Partners Applaud Dell EMC Program, See It As Channel Game-Changer

"Those products are vulnerable," said one top Dell EMC partner, who did not want to be identified. "This program makes you more money to take them out than you would get selling those products independently. This is going to marginalize third and fourth tier OEMs."

The new program over the long term could eventually lead to a significant shift in sales and technical resources away from Cisco or HPE toward Dell EMC, partners said. "That issue of displacing a major OEM is probably a year away," said one solution provider executive, who did not want to be identified.

Dan Serpico, CEO of FusionStorm, No. 49 on the CRN SP500, said the program allows Dell EMC to go toe-to-toe with Cisco in the data center.

"It clearly puts them on even footing with Cisco," Serpico said. "There are some opportunities with Cisco that are better, and there are things in the Dell EMC program that are better. I like that the Dell EMC program is a one-year plan rather than a six-month plan so you can invest in the longer term. 

"They both have great programs, and to say I would choose, I might say I would choose this one first. Being able to invest for the longer term is clearly a tiebreaker, and we're looking forward to the portal being up and running. The tracking will be better, we'll be paid faster than with the Cisco plan, and there's significant upside to that."

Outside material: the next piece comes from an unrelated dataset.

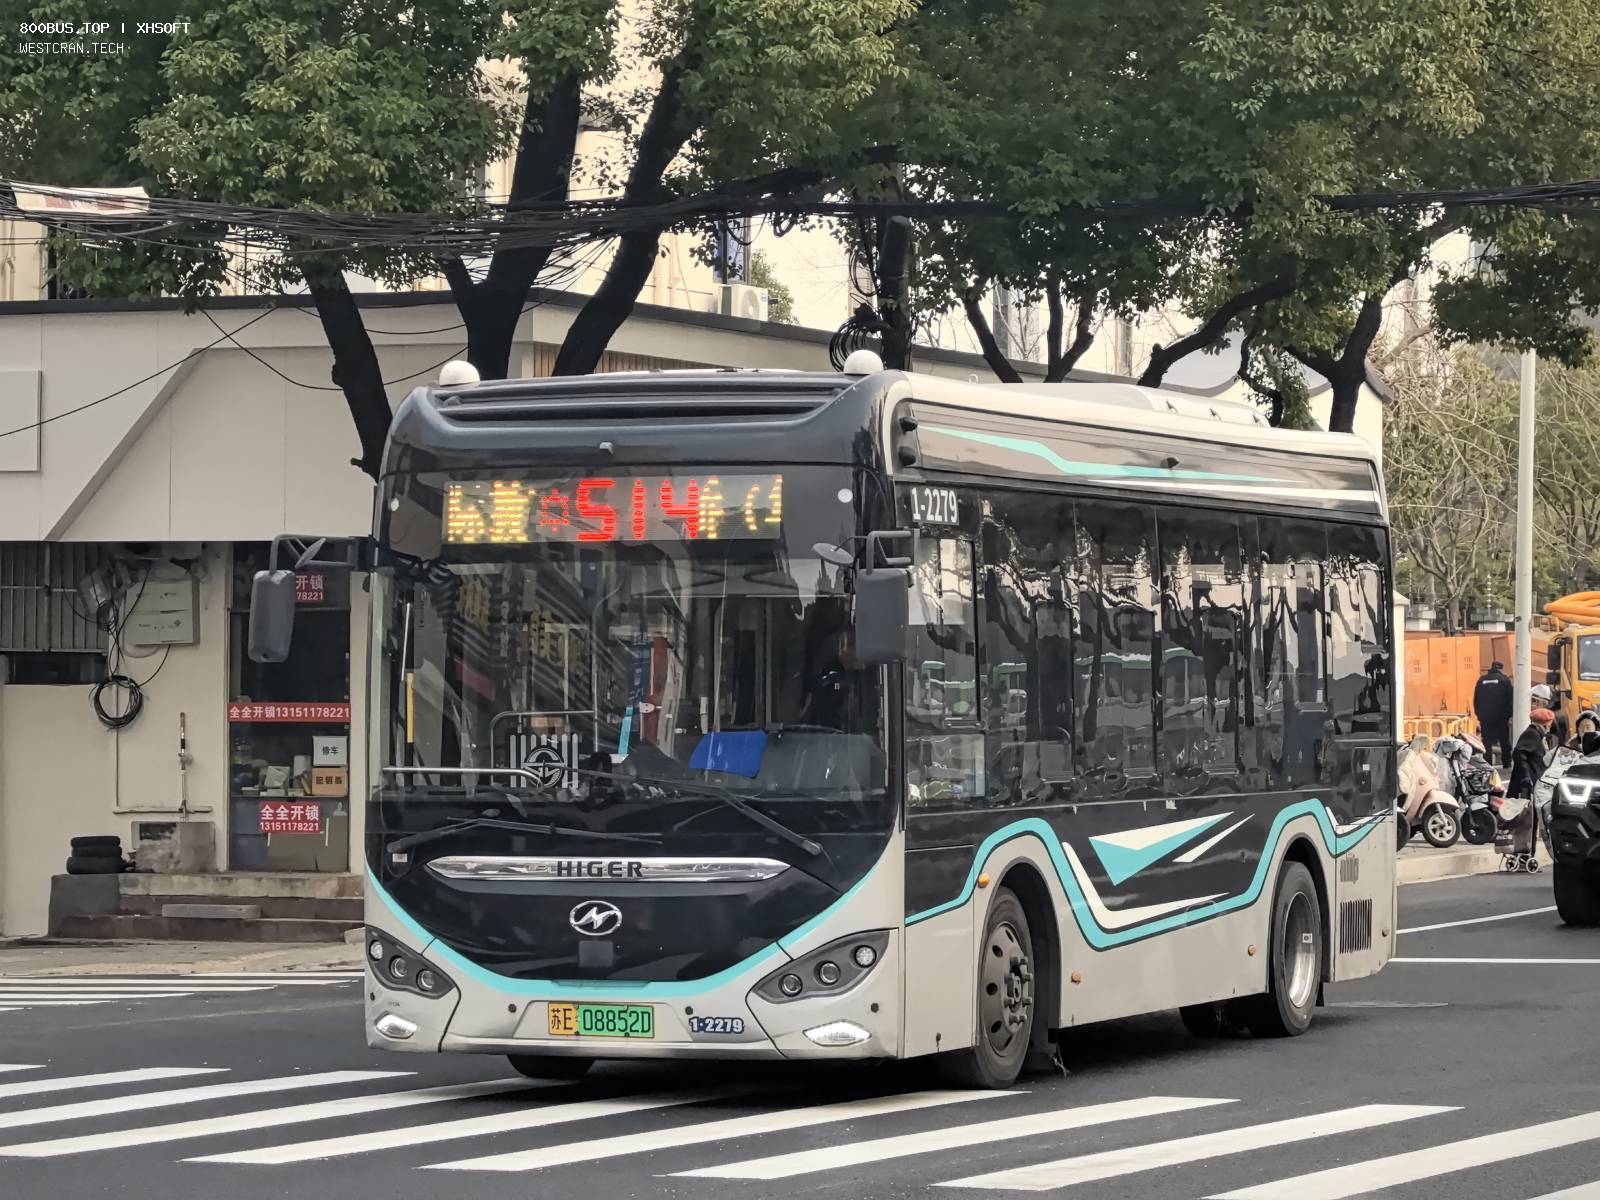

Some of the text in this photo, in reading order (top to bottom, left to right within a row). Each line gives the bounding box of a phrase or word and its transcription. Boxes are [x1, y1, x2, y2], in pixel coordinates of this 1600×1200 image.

Sonia St. Charles, CEO of the Davenport Group, a St. Paul, Minn.-based solution provider that sits on the vendor's partner advisory board, said she sees only upside to the new program even for smaller partners like Davenport Group.

"We hadn't anticipated that the rebate program would be nearly this rich, and I hadn't conceived that they'd be able to level the playing field between a company my size and a much larger EMC solution provider," she said.

Scott Winslow, CEO of the Winslow Technology Group, a Waltham, Mass.-based solution provider that works with Dell EMC, said the program makes it clear that partners must grow, and they must do it by taking business from Dell EMC's main data center rivals.

"They're very clear on what behavior they're going to reward, growing new business and growing new business in the enterprise, in storage, servers and networking," Winslow said. "And that means we'll have to take it away from HPE, take it away from IBM. If you can add new lines of business, if you can add accounts, they're going to reward that. If you can add services, sell services, they're going to reward that. They keep beating that drum."

The program stresses storage, server and PC product lines with stackable rebates paid from the first dollar. Those rebates nearly double legacy EMC payouts while pushing solution providers to win new business and sell across the company's entire portfolio. And thanks to what Dell EMC Global Channel Chief John Byrne characterized as "tens of millions" of dollars in investment, the new rebate system – including an online calculator and tracking – is fully automated.

Dell EMC has provided two paths to advance through the program's Gold, Platinum and Titanium tiers. One track is for partners that book big revenue while selling a limited number of product lines. The other is for partners that sell a wider range of products but book less revenue.